Non‐linear summation of end‐plate potentials in the frog and mouse.

Abstract

Endplate potentials (e.p.p.) and endplate currents (e.p.c.) were recorded intracellularly from muscle fibers of frog and mouse at various levels of curarization to determine the relation between the potential change and the underlying synaptic conductance change over a wide range of e.p.p. amplitudes. In frog muscle fibers the e.p.p.-e.p.c. relation was linear for e.p.p. amplitudes up to about 10 mV. Beyond 10 mV the rate of increase of e.p.p. amplitude became progressively smaller as the e.p.c. amplitude increased. The equation proposed by Martin to correct for this non-linearity consistently over-corrected the e.p.p. amplitudes.
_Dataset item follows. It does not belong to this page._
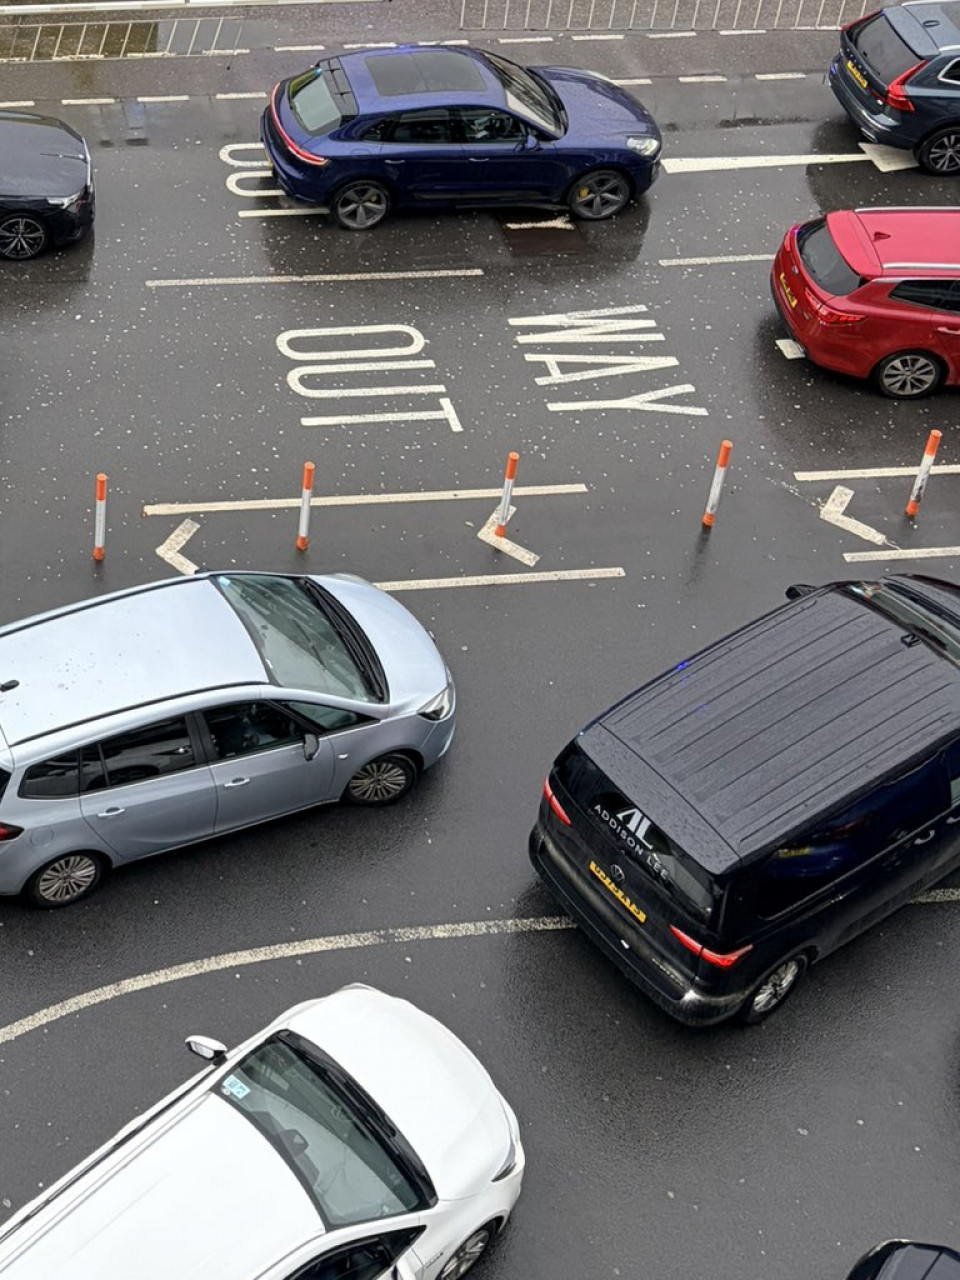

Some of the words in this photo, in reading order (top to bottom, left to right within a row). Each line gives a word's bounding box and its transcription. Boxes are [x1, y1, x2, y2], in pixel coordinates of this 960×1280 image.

[275, 323, 465, 433] OUT
[508, 304, 709, 416] WAY
[594, 804, 644, 856] ADDISON
When synaptic potentials and currents of long duration were produced by ionophoresis of ACh [acetylcholine] onto the endplate, the voltage-current relation showed greater non-linearity than with nerve-evoked responses. Correction of the synaptic potential amplitudes resulted in a linear relation. The relation between e.p.p. and e.p.c. amplitudes in mouse muscle showed a greater non-linearity than in frog muscle and over-correction by the equation was correspondingly smaller. Theoretical voltage-current relations were calculated for various membrane models and compared with the physiological relations. Mouse muscle relations correlated with a point synaptic contact on an infinite cable; those from frog muscle were consistent with a simple resistive-capacitative model with no cable extending from the synaptic region. Several correction factors for non-linear summation are discussed.